Джеймс сел подле ее постели, оперся локтями о кровать, не спуская взгляда с девушки. Он взял ее за холодную руку и опустил голову на локти, чувствуя, что сам очень устал. Глаза постепенно сомкнулись, и он уснул.

Был рассвет, но темно. Вместо солнца – желтая луна среди облаков. В озере отражается ее призрачный свет. Была зима, но трава зеленела на склоне, а деревья шелестели листвой. Он мог слышать этот шелест. Он ждал, когда появится движение, хоть намек, потому что на этом склоне он никогда не бывал один.

Да, вот кто-то идет. Он теперь знает, кто они, чьи глаза смотрят на него из тел животных.

Впереди гордо шла лань, ее стройные ноги передвигались, едва касаясь травы. Она смотрела на Джеймса, зеленые глаза – глаза отца – лучились светом. Теплом. Надеждой. Добротой. Она остановилась, улыбаясь, мерно дыша. Потом снова пошла. Впервые она так близко подходила. Казалось, он может протянуть руку и погладить ее.

Джеймс повернулся – из гущи листвы выступил олень. Сохатый. Его рога отражали луну, словно были хрустальными. Он легко подбежал к лани, встал рядом, взглянул на Джеймса.

Потом появился пес. Бродяга. С синими, задорными глазами. Казалось, что он безмерно счастлив. Он слегка укусил за заднюю ногу оленя, вызвав недовольное покачивание рогами. Он потерся о бок лани, весело подмигивая. Он был рад, он был полон радости.

Волк, как всегда, пришел последним. Лунатик. Он шел мерно, медленно, устало неся свою седую голову. Но и он был доволен, желтые человеческие глаза блестели, в них купалась полная луна. Волк сел у ног лани и тоже посмотрел на Джеймса. Спокойно. Тепло. Умиротворенно.

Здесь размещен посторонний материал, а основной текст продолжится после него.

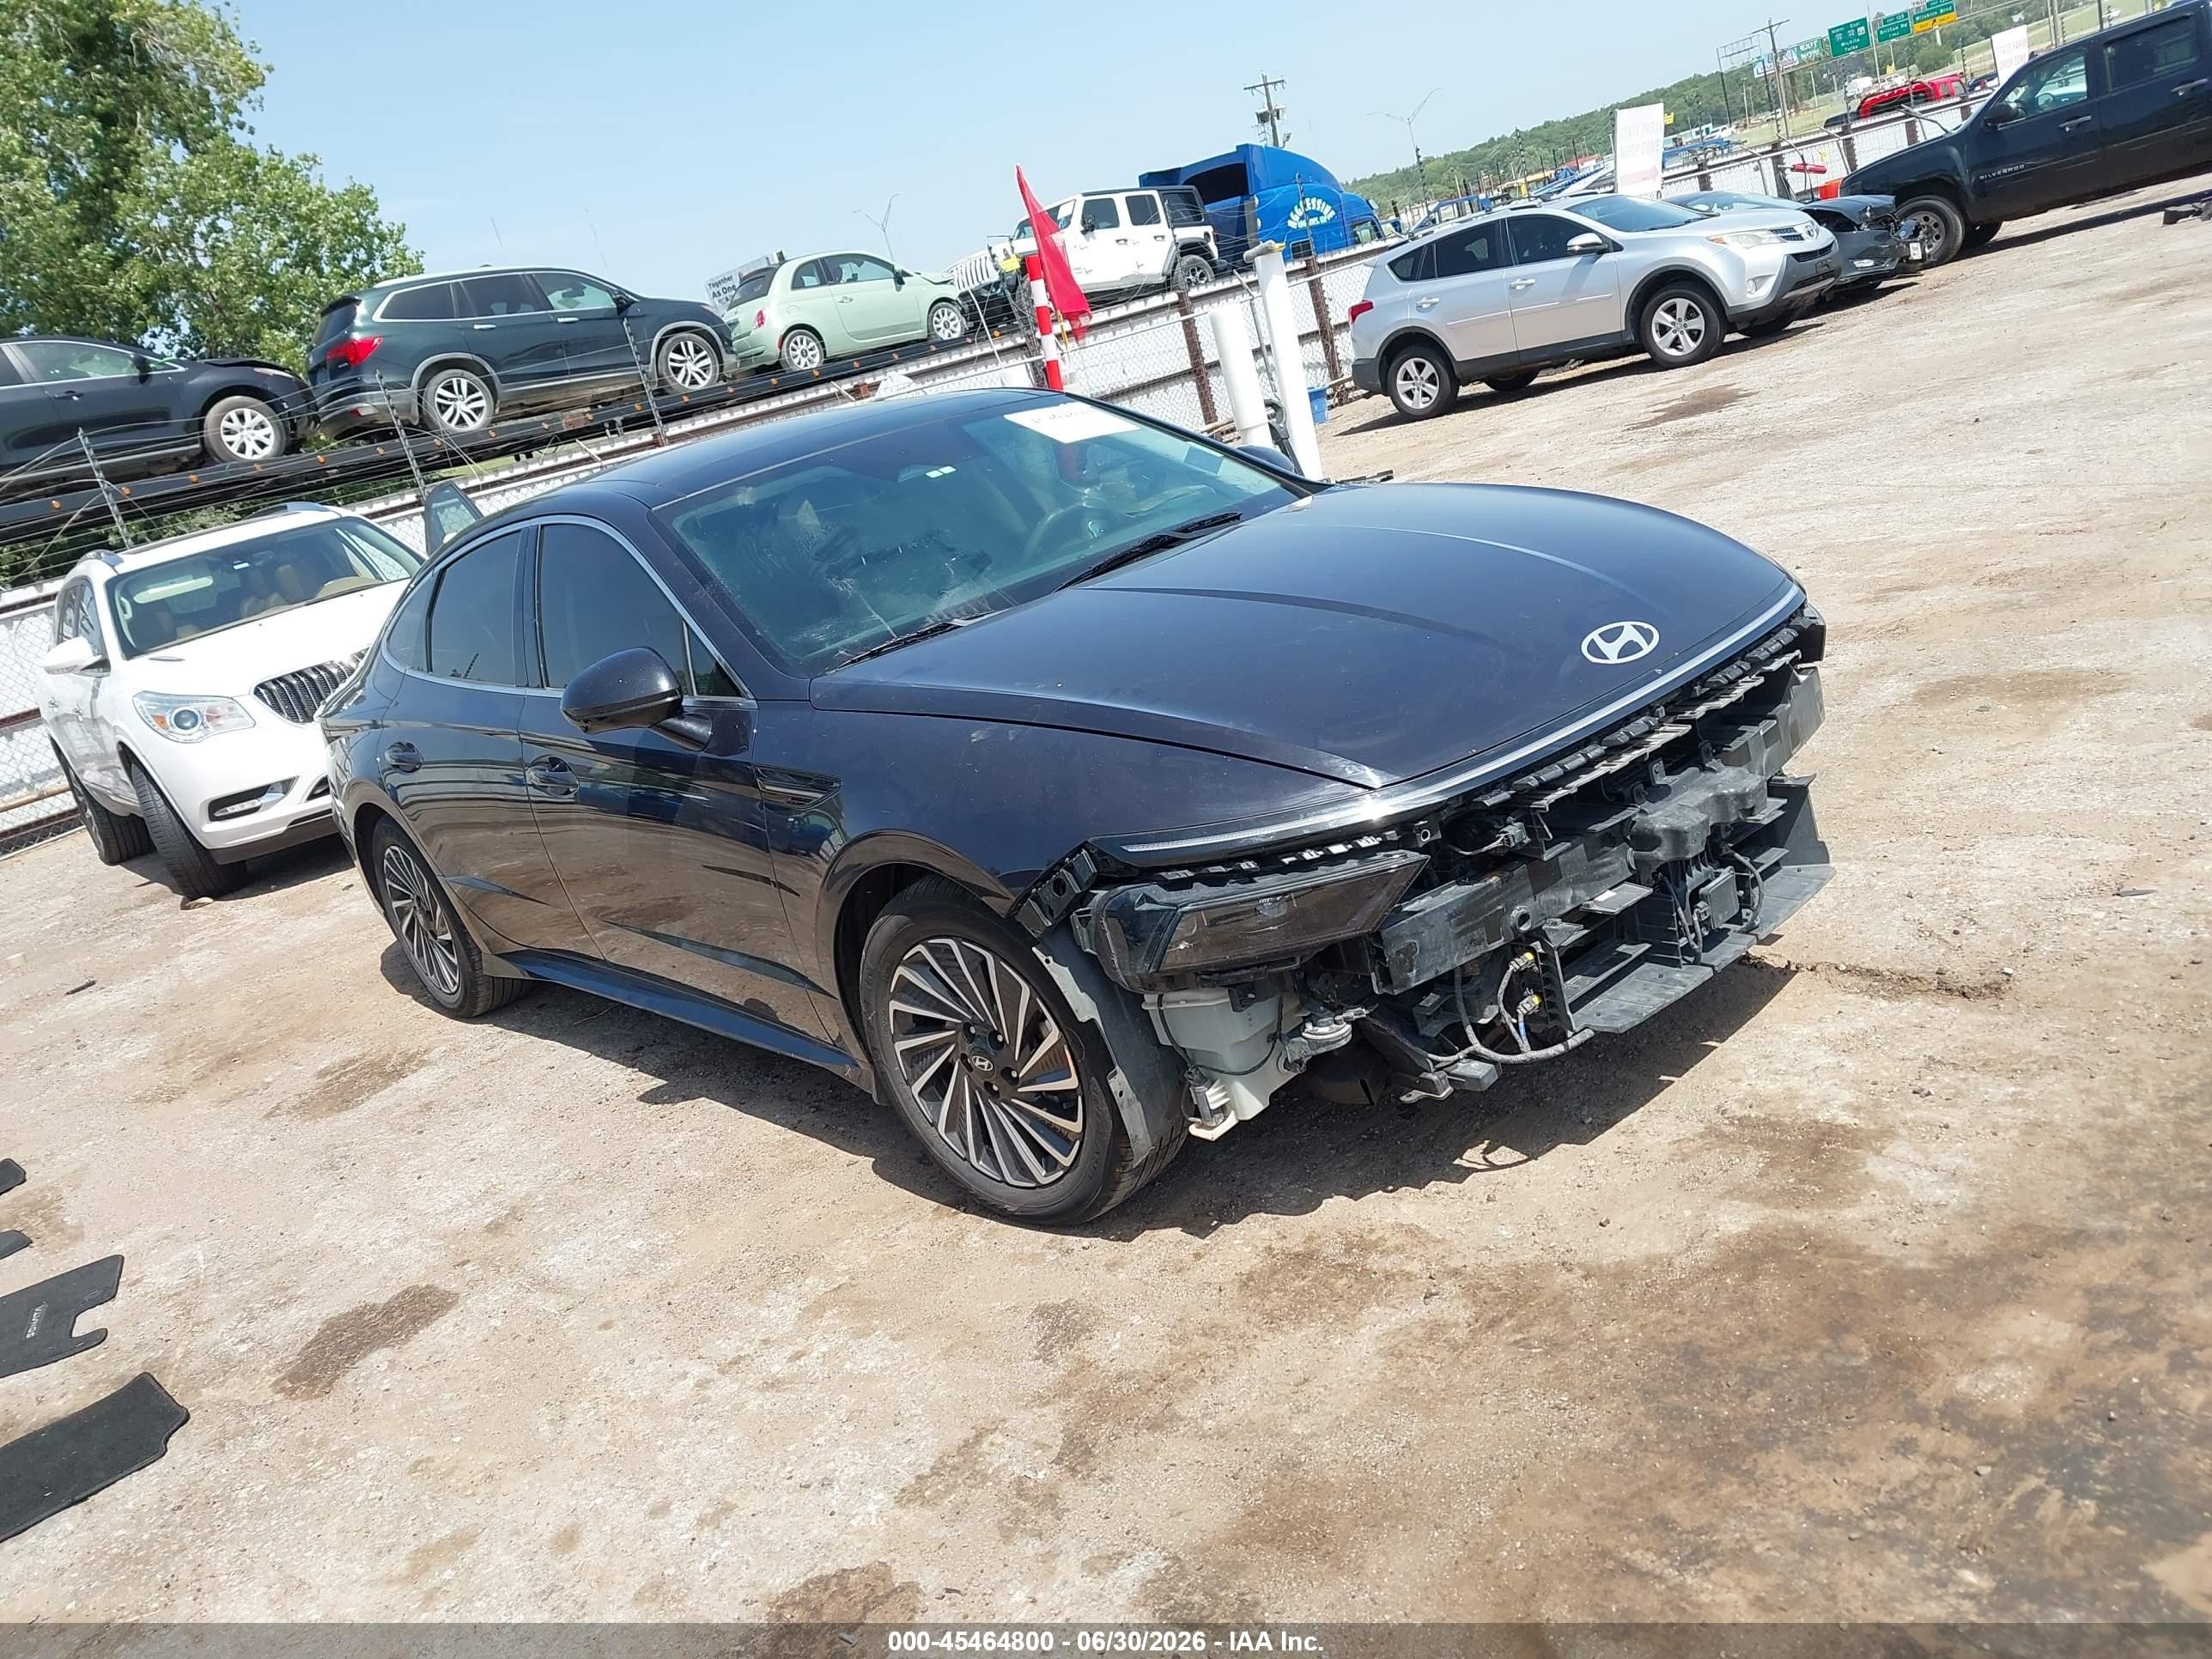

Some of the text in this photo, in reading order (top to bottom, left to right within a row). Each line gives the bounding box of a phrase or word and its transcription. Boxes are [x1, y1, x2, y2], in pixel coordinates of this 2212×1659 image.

Джеймс хотел до них дотронуться. Но не мог. Тогда он заговорил: «Сохатый…». И был услышан. Олень чуть наклонил голову, рога засеребрились. Он сделал шаг вперед, стук копыта отдался тихой радостью в сердце Джеймса. Он протянул руку, надеясь коснуться влажного носа, но странно – рука прошла сквозь оленя. Но Сохатый улыбался. Значит, так и должно быть? Значит, они лишь воображение, лишь тени…

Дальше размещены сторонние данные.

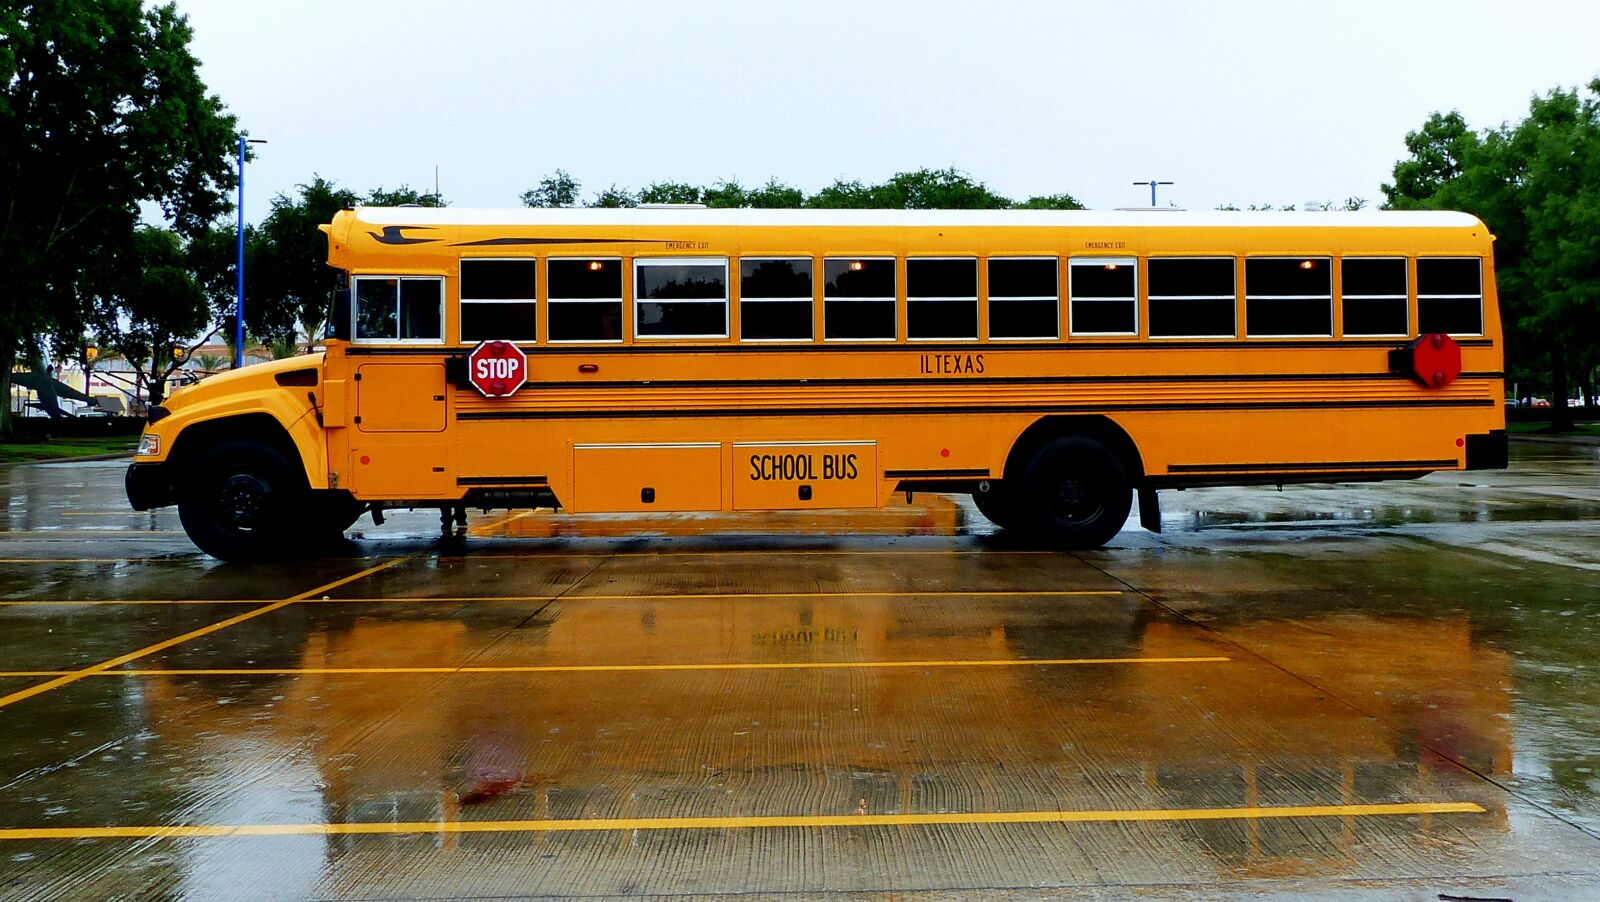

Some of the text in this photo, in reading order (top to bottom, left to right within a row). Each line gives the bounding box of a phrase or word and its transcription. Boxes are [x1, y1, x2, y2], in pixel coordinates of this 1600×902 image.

«Бродяга». Пес подпрыгнул, хвост его весело рассекал воздух. Синие глаза смеялись. Как жаль, что этой пушистой шерсти нельзя коснуться.

«Лунатик». Волк опустился на передние лапы, устало поведя головой. Конечно, нелегко быть оборотнем. Нелегко быть им и после смерти.

Тени. Воспоминания. Но они приходили, они жили в нем, как эхо. Как эхо чужой жизни. И как отклик его собственной.

Он знал, почему они пришли, почему они радуются. Знал – и тоже радовался. Отец спасен, Ксения и Гермиона справились.

Джеймс сел на траву, совершенно четко понимая, что это лишь сон. Звери тоже опустились на склоне, пес помахивал хвостом. А Джеймс смотрел в лучистые глаза лани. Было спокойно, тихо, тепло. Это были друзья, которых можно не бояться. Он спал и чувствовал, как набирается сил, как ему становится спокойнее.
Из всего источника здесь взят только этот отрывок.